## THE TASK
The listing is to be returned word for word, without its images.

## DATA FOR REVIEW
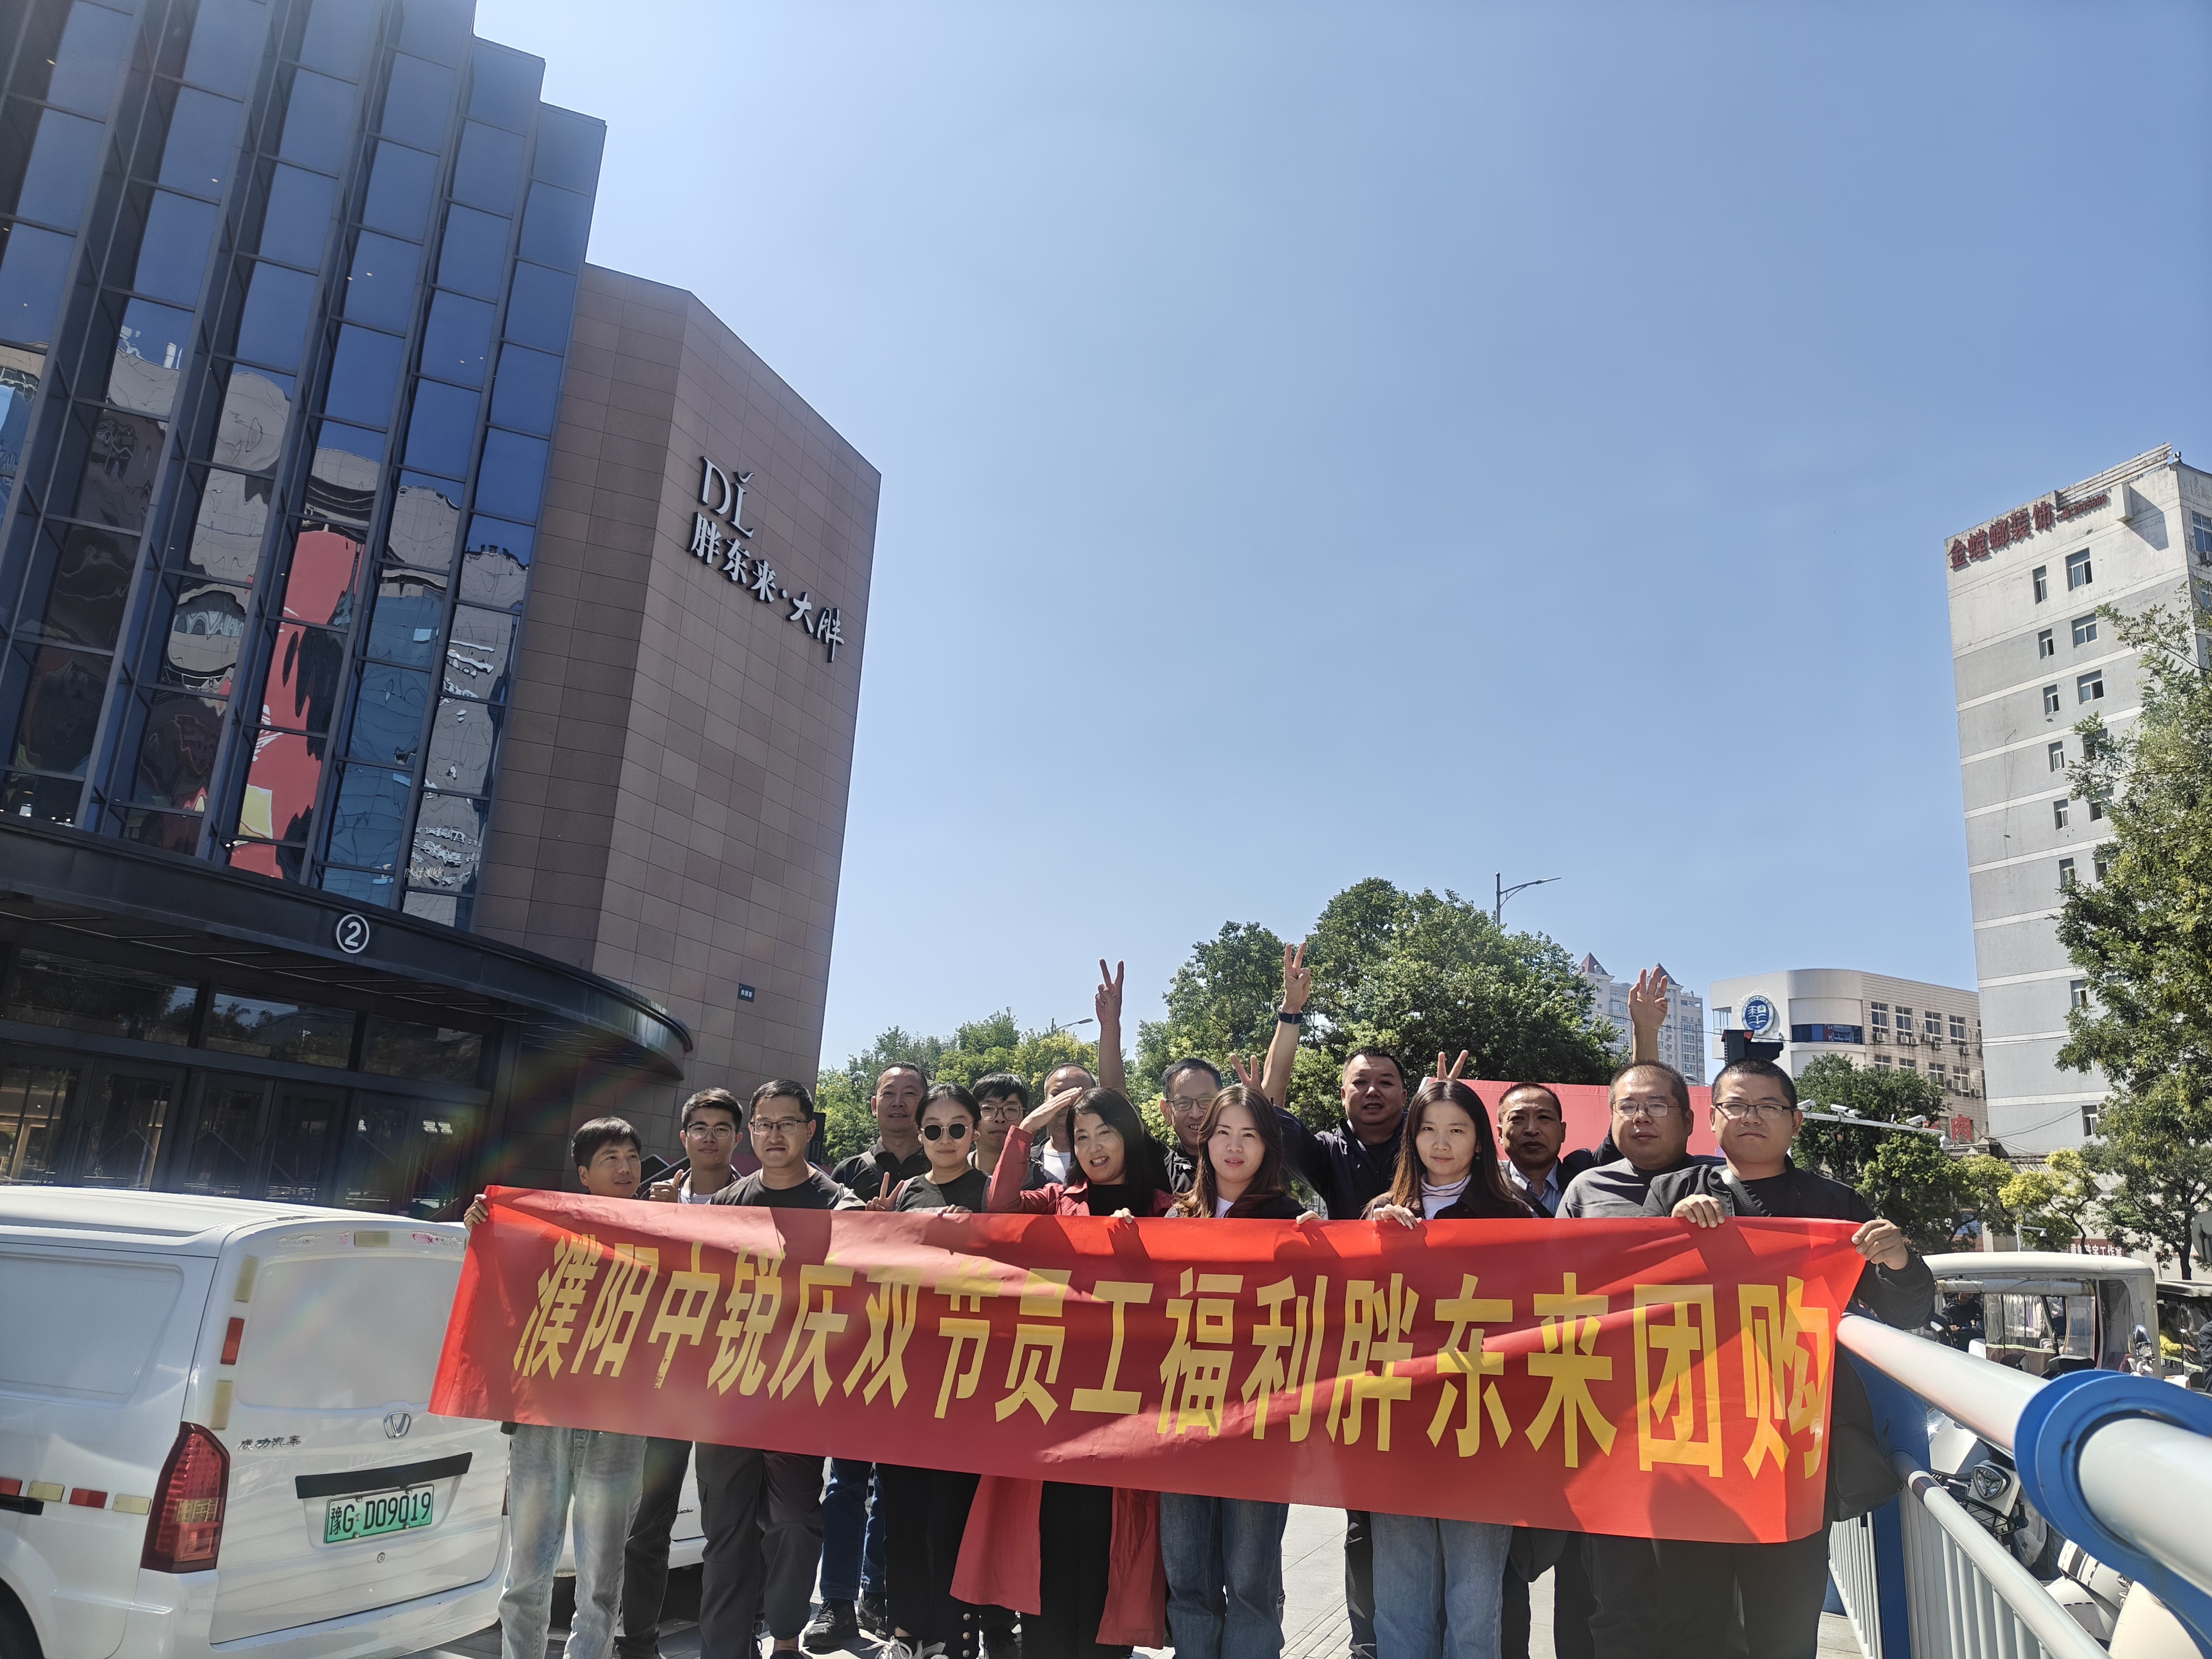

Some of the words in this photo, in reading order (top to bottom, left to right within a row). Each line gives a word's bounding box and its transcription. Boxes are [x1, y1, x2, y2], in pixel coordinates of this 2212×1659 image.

[1947, 501, 2052, 569] 金螳螂装饰
[345, 921, 361, 947] 2
[513, 1234, 1831, 1480] 濮阳中锐庆双节员工福利胖东来团购
[238, 1435, 301, 1451] 成功汽车

## REPLY
Some of the words in this photo, in reading order (top to bottom, left to right within a row). Each line gives a word's bounding box and its transcription. Boxes are [x1, y1, x2, y2], in pixel coordinates of this 2212×1659 image.

[1947, 501, 2052, 569] 金螳螂装饰
[345, 921, 361, 947] 2
[513, 1234, 1831, 1480] 濮阳中锐庆双节员工福利胖东来团购
[238, 1435, 301, 1451] 成功汽车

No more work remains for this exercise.